Perhaps the best recent example of subsidy funding a start-up is that of the Public Library of Science (PLoS). PLoS was founded in 2000, and received a grant of $9 million from the Gordon and Betty Moore Foundation to help support the creation and launch of a high-profile OA journal – PLoS Biology. Since then, PLoS has gone on to launch other high-profile journals, community-style journals and PLoSOne, all of them based on the OA model. PLoS is now financially self-sustaining and the rapid growth and success of PLoSOne has been one of the contributing factors.
As an aside, the PLoSOne model is different from most journals in a number of ways. As mentioned above it depends on a gold OA business model and employs a Creative Commons licensing scheme where authors retain copyright. The journal adopts the principle of peer review, but has implemented peer review in a different way from most journals. Rather than being asked to judge scientific quality or significance of an article – the scheme used by most traditional journals – referees are asked to judge on technical correctness, validity of the experimental method, whether conclusions flow from results, etc. Scientific quality and significance are then judged post-publication by readers using article-based metrics such as downloads and post-publication commentary.
The dramatic success of PLoSOne (it rapidly became the world’s largest scientific journal in terms of articles published) has led to the model being copied by a number of other publishers who have created their own versions of PLoSOne. These now have their own term: ‘mega-journals’.
Other countries also support scholarly journals through subsidy. For example, in Japan, many learned society journals are partially supported by a subsidy system called ‘kakenhi’. This is a system of grants-in-aid that provide financial support or subsidy for many Japanese learned society journals. The dependence on government agencies to support a national scholarly publishing system may remove some market pressures, until of course government decides that there are other national priorities and journals have to fund their own way.
Another example of subsidy is SciELO – Scientific Electronic Library Online. This is a model for cooperative electronic publishing of scientific journals on the Internet designed to meet the scientific communication needs of developing countries, particularly Latin American and Caribbean countries. SciELO is product of a partnership among regional, national and international institutions. In a similar way, BioOne is a collaborative venture of learned societies in the biological sciences where each founding organisation continues to make financial and/or in-kind contributions to BioOne’s development. BioOne provides a means for smaller societies to gain market impact and presence online and a means to provide libraries with a high-quality collection. ProjectMuse has similar objectives for learned society journals in the humanities and social sciences.

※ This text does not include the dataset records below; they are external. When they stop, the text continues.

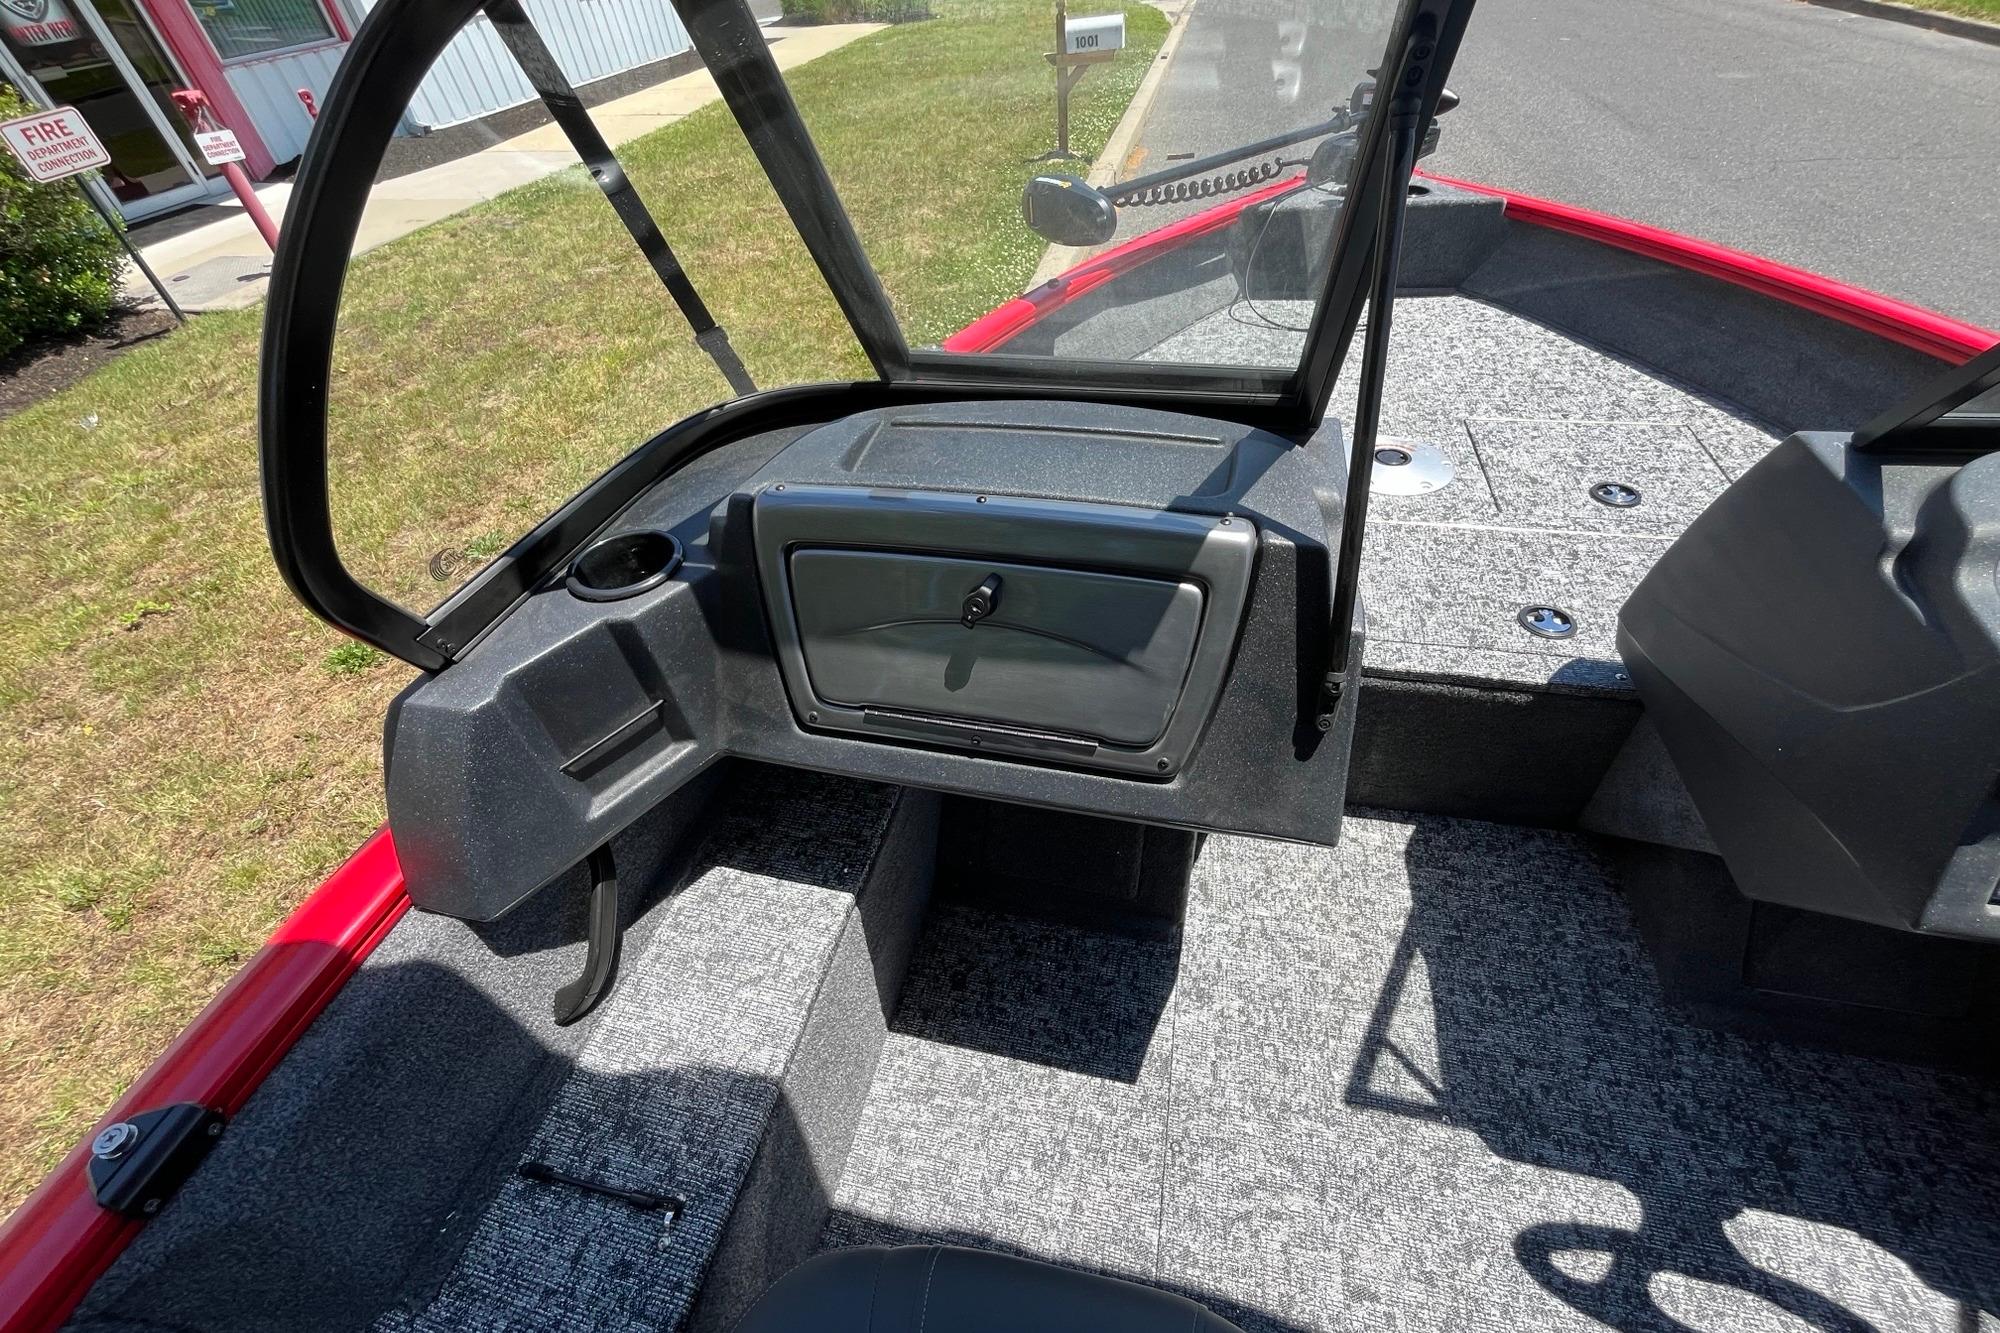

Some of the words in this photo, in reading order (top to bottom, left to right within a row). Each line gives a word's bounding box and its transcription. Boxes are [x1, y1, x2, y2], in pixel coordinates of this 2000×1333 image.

[1075, 34, 1099, 49] 1001
[20, 118, 74, 146] FIRE
[26, 136, 90, 161] DEPARTMENT
[202, 140, 237, 151] DEPARTMENT
[37, 148, 98, 173] CONNECTION
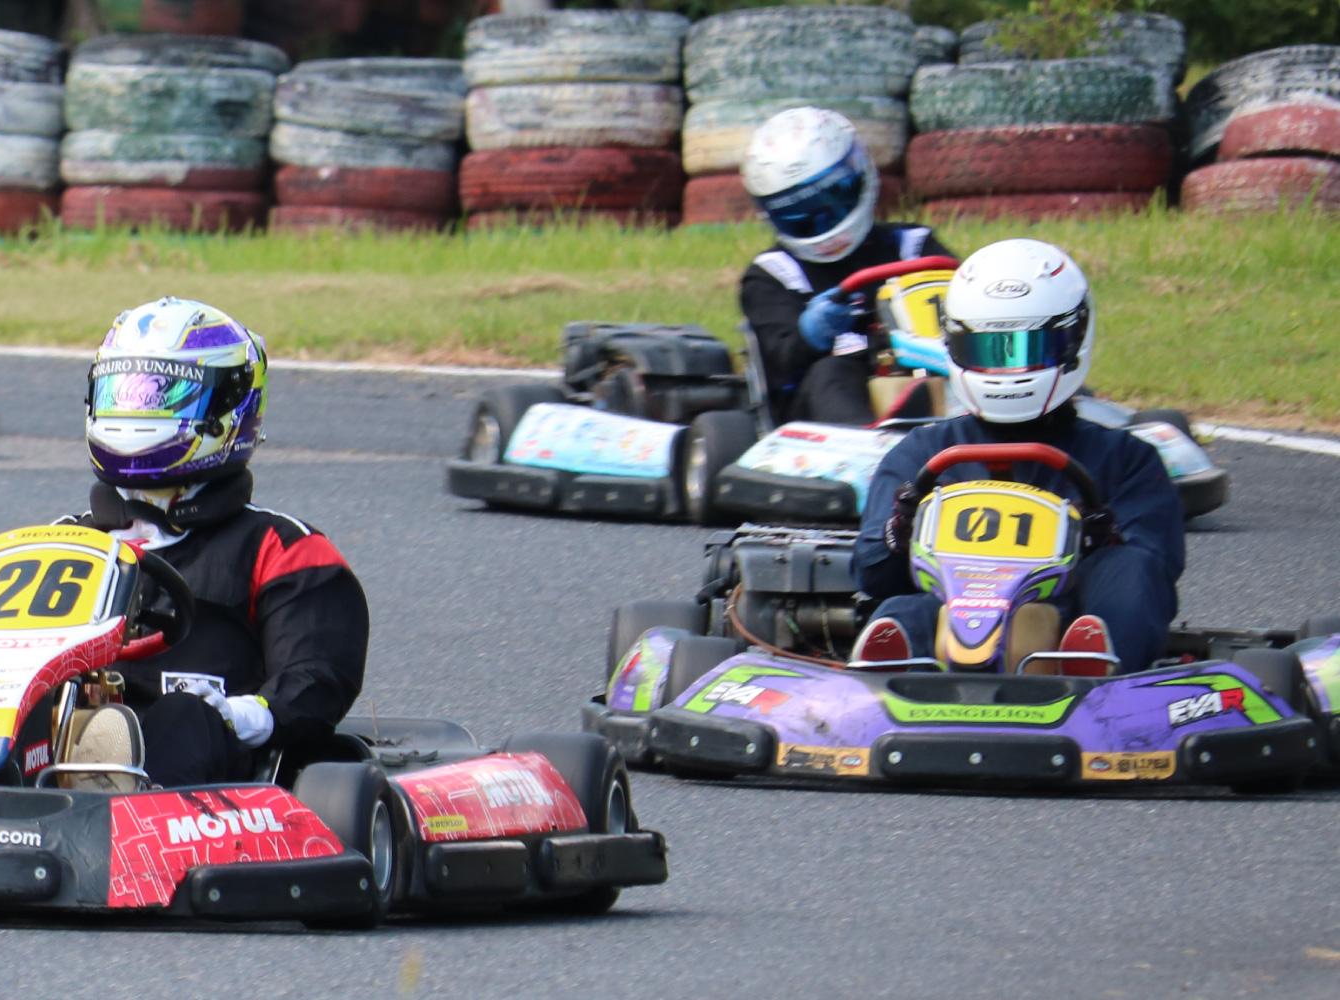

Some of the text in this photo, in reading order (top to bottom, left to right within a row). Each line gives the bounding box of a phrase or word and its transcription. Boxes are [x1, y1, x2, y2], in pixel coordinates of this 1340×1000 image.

[986, 282, 1027, 294] Arai
[134, 360, 204, 381] YUNAHAN
[954, 507, 1034, 546] 01
[910, 708, 1045, 719] EVANGELION
[25, 744, 49, 772] MOTUL
[471, 769, 554, 808] MOTUL
[167, 808, 284, 844] MOTUL

There are a very small number of high-profile journals that generate significant revenue from advertising, both classified – i.e. principally career sections and advertisements for jobs – and display ads – i.e. for products and services. These are publications such as Nature and Science which are as much magazines as they are journals and have a much broader reach in terms of subject coverage. They also have very large readerships and circulations – institutional and individuals – which mean that advertisers can reach a large audience for their products and services. Advertising in most scholarly journals has generally a much more limited potential because of the smaller readership. There are exceptions of course, and these are typically in fields where the readership has a professional base such as medicine or engineering. The transition from print to online for these journals has been another challenge as advertising rates for online publications are typically a fraction of advertising rates in printed journals.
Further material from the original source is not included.